Building AI-Powered Applications: A Practical Framework

Integrating AI capabilities into a product is technically straightforward. Building something that works reliably, scales affordably, and handles the ways AI systems fail — that requires more careful thinking.

Start with the failure cases

Before building any AI feature, ask: what happens when the model gets it wrong? For many applications, the answer has major design implications.

If the model suggests a product recommendation and gets it wrong, the user gets an unhelpful suggestion. If the model fills in a legal document and gets it wrong, you have a real problem.

Classify your use case by failure cost:

• Low failure cost: Suggestions, recommendations, draft generation. Users verify the output before acting.
• Medium failure cost: Automated emails, summaries, classifications that inform decisions.
• High failure cost: Autonomous actions, financial calculations, medical or legal content.

For high-failure-cost applications, design human review into the system from the start.

The interface between AI and users

A common mistake is treating an LLM call as a black box that returns the right answer. Users will get wrong answers. The system needs to communicate uncertainty and enable correction.

Design choices that reduce the cost of AI errors:

• Show the source of AI-generated information (what document, what data)
• Make it easy for users to edit or reject AI suggestions
• Use confidence-based UI (show "I'm not sure" when uncertainty is high)
• Provide fallbacks when AI fails (fall back to search, or to a human queue)
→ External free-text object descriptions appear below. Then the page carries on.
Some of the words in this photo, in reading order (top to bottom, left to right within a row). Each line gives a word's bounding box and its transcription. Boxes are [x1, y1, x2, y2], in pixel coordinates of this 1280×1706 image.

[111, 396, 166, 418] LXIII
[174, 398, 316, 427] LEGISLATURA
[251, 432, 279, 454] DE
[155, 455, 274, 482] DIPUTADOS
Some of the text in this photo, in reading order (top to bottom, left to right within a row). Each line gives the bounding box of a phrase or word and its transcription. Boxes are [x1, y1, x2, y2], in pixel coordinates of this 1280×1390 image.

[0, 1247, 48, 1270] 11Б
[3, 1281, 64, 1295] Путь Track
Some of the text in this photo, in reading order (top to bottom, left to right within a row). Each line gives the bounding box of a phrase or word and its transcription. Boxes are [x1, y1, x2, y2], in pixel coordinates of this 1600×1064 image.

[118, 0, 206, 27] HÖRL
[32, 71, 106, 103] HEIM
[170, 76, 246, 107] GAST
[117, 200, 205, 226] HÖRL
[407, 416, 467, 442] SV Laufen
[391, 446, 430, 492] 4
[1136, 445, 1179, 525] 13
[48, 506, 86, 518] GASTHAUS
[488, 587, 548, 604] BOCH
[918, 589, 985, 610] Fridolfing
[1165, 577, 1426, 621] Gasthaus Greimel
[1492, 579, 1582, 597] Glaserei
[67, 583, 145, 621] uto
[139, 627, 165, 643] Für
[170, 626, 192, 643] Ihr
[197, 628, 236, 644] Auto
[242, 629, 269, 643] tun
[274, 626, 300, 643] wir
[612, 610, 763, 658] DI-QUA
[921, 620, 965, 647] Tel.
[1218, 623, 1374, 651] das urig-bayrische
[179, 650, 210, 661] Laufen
Choosing the right AI approach

Not every problem needs a large language model. Common approaches in order of increasing complexity:

Rule-based classification: If you're classifying text into a small set of categories with clear rules, regex or simple keyword matching may be sufficient and more reliable.

Fine-tuned classifiers: Small models fine-tuned for specific classification tasks outperform large LLMs on those tasks and cost a fraction of the price.

Embedding-based search: For semantic search or recommendation, embedding models + vector search often work better and cheaper than generating answers with an LLM.

LLM with retrieval (RAG): For answering questions against a knowledge base, retrieve relevant documents and provide them as context.

LLM with tools: For tasks requiring multiple steps, calculations, or real-time data, give the model tools to call.

Fine-tuned LLM: For consistent tone, format, or domain-specific behavior that prompting cannot reliably achieve.

Start simple. Evaluate whether simpler approaches meet requirements before reaching for LLMs.

Cost and latency

LLM API calls are not free, and for high-volume applications, cost can become significant quickly.

Key levers:

• Model selection: Smaller models (GPT-4o-mini, Claude Haiku) cost 10–50x less than flagship models and are adequate for many tasks.
• Caching: Cache responses to identical or semantically similar queries.
• Prompt optimization: Shorter prompts cost less. Eliminate instructions that don't improve outputs.
• Streaming: Return tokens as they're generated rather than waiting for the full response, improving perceived latency.

Measure actual API costs in staging before going to production. Usage patterns often surprise.

Prompt management

Prompts are code — they should be versioned, tested, and reviewed like any other code. Embedding prompts directly in application code is a common early mistake.

A practical setup:

• Store prompts in a configuration file or dedicated prompt store
• Version prompts alongside model version and model configuration
• Test prompts on a representative evaluation set before deploying changes
• Log prompt/response pairs in production (with appropriate privacy controls) for debugging and evaluation

Evaluation

AI systems are harder to test than deterministic code. The output for a given input can vary, and "correctness" is often subjective. Despite this, you need evaluation to make confident changes.

Approaches:

• Golden set evaluation: Curate a set of inputs with expected outputs and run new prompts/models against them
• LLM-as-judge: Use a capable LLM to evaluate outputs against criteria
• Human evaluation: Sample production outputs and have humans rate quality
• A/B testing: Run variants in production and measure user-facing metrics

Combine these approaches. Golden sets catch regressions; human evaluation catches things the golden set doesn't cover.

Observability in production

Standard application monitoring (uptime, error rates, latency) is necessary but not sufficient. You also need:

• Input/output logging: Sample and store prompt/response pairs for debugging
• Token usage tracking: Understand cost by feature and user segment
• Latency by model and operation: Identify bottlenecks
• Error categorization: Distinguish model errors from API failures from timeout issues

Summary

Building reliable AI applications requires thinking carefully about failure cases before building, choosing the simplest approach that works, designing for human review when failure costs are high, managing prompts as versioned code, evaluating systematically, and observing what actually happens in production. The AI capability is often the easy part; the reliability engineering is where most of the work happens.